Response: With respect to Mr. Sweetenham, he has only a corporate target under TJXs Management
Incentive Plan (MIP) for fiscal 2011. This is the same target as all other individuals
expected to be named executive officers for fiscal 2011. The fiscal 2011 MIP target for the named
executive officers and the results for fiscal 2011 will be disclosed in next years proxy statement
in the manner disclosed on page 19 of the Proxy Statement with respect to fiscal 2010.
With respect to performance-based restricted stock, we believe you are referring to the targets for
those awards referenced on page 20 granted in fiscal 2010 for which the performance periods have
not been completed. We respectfully advise the Staff that we believe that disclosure of the
specific performance targets for those awards is not required in the Proxy Statement under
Instruction 4 to Item 402(b) of Regulation S-K because they are confidential financial information,
the disclosure of which would result in competitive harm to TJX.
Instruction 4 indicates that the standard for determining whether disclosure would cause
competitive harm is the same standard that would apply under Rule 24b-2 of the Securities Exchange
Act of 1934, as amended, which provides for confidential treatment of confidential trade secrets or
confidential commercial or financial information, the disclosure of which would result in
competitive harm for the registrant.

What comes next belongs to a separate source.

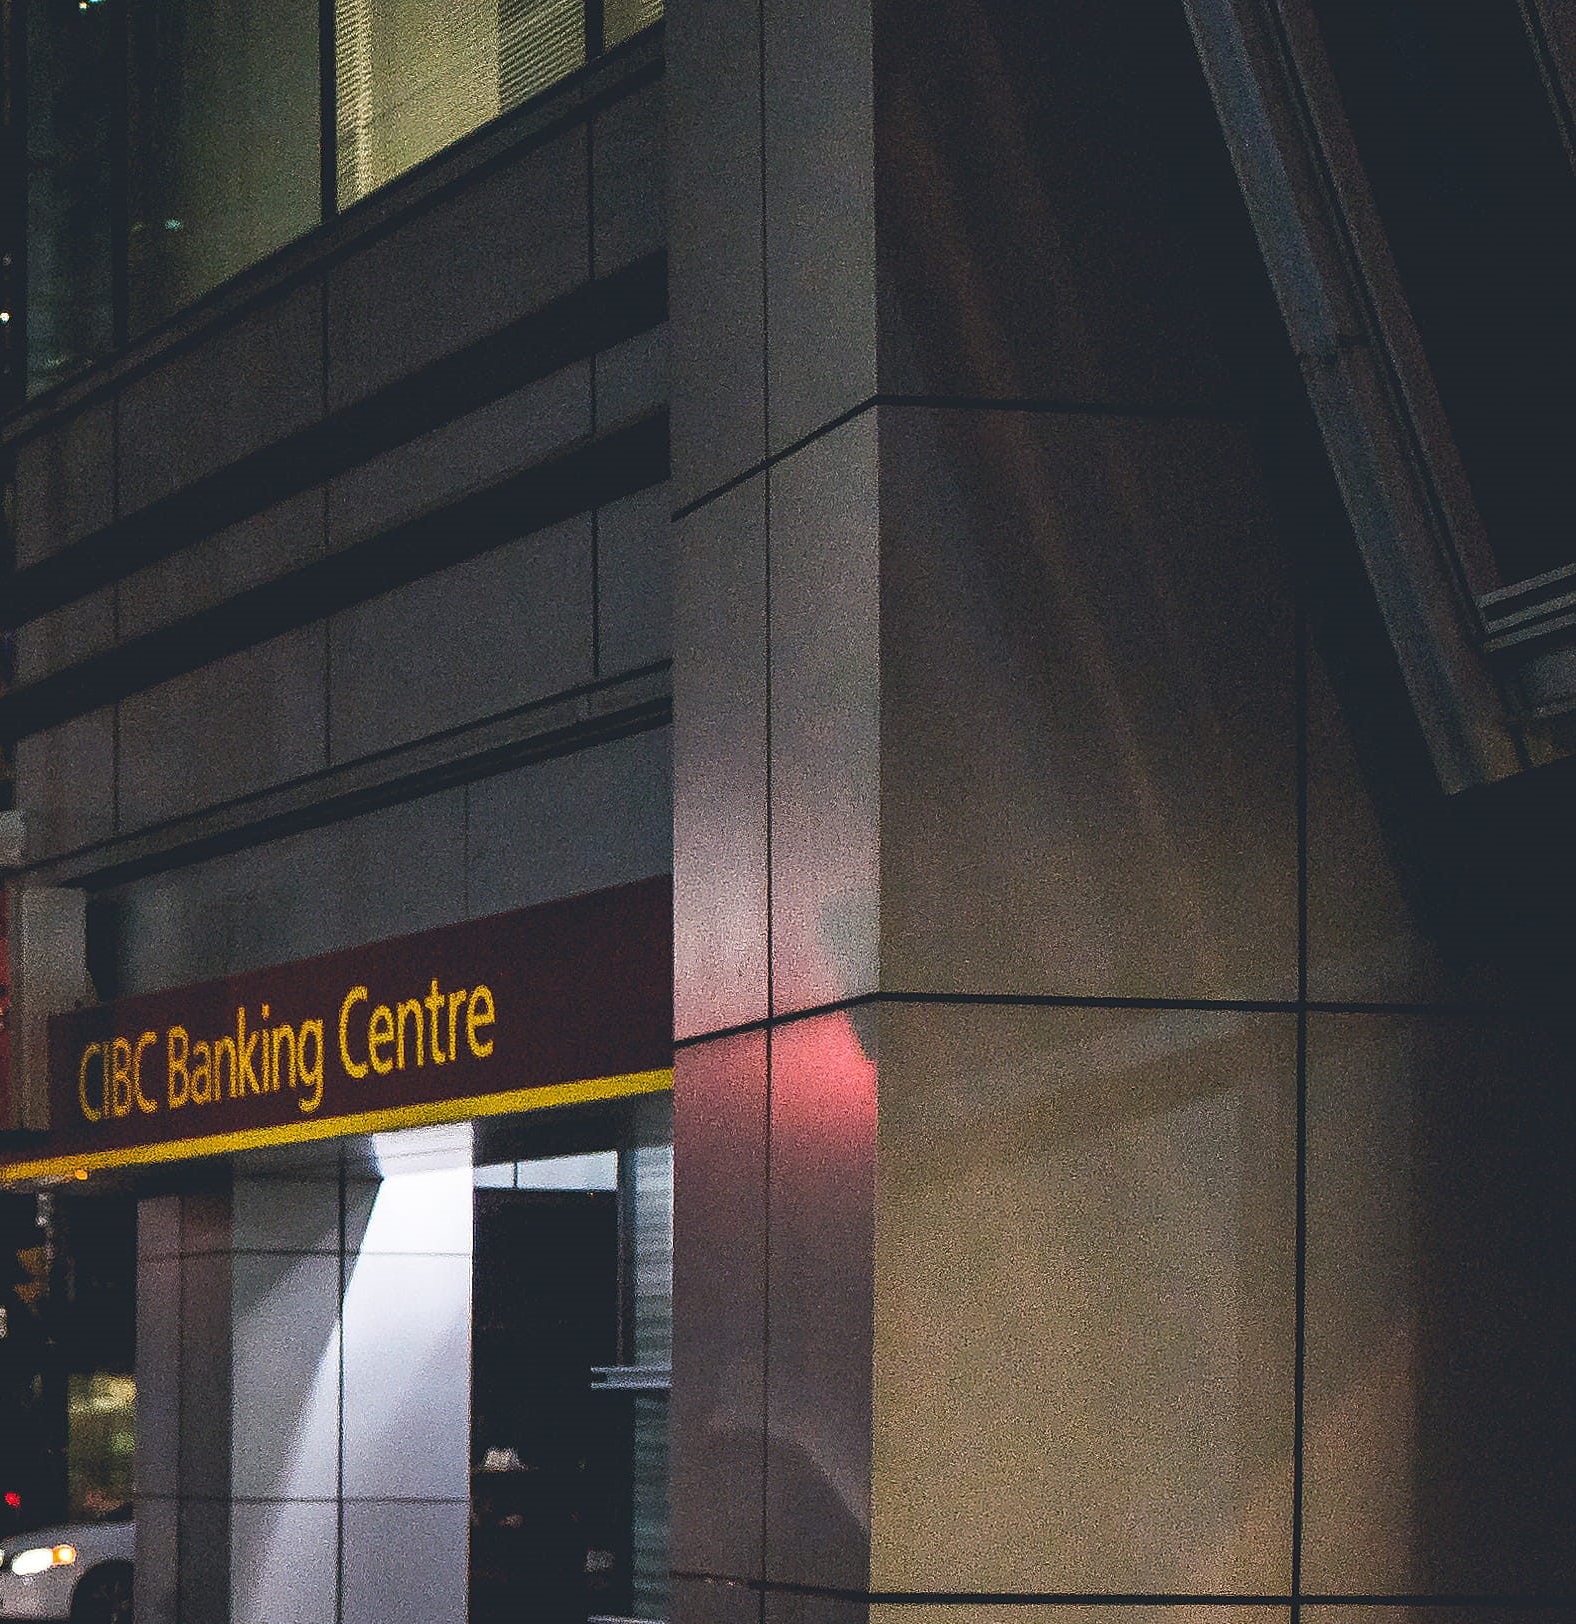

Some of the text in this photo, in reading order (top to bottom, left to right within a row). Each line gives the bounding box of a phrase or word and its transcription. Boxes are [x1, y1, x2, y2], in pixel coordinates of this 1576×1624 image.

[78, 976, 497, 1123] CIBC Banking Centre

TJX believes that the financial data underlying the
performance targets for periods not yet completed constitutes commercial or financial information
obtained from a person and is privileged or confidential under 5 U.S.C. §552 (b)(4) (2000) and
17 C.F.R. §200.80(b)(4) (2001), and that disclosure of such financial information prior to the
close of the applicable performance periods would cause substantial harm to the competitive
position of TJX.
The performance conditions for all of the various performance-based restricted stock awards
referenced on page 19 of the Proxy Statement are disclosed on pages 19 and 20. Depending upon the
award, the performance condition for each award is the achievement of corporate performance
sufficient to earn at least 67% of either the target annual corporate MIP awards or the target
multi-year Long Range Performance Incentive Plan (LRPIP) award for particular periods.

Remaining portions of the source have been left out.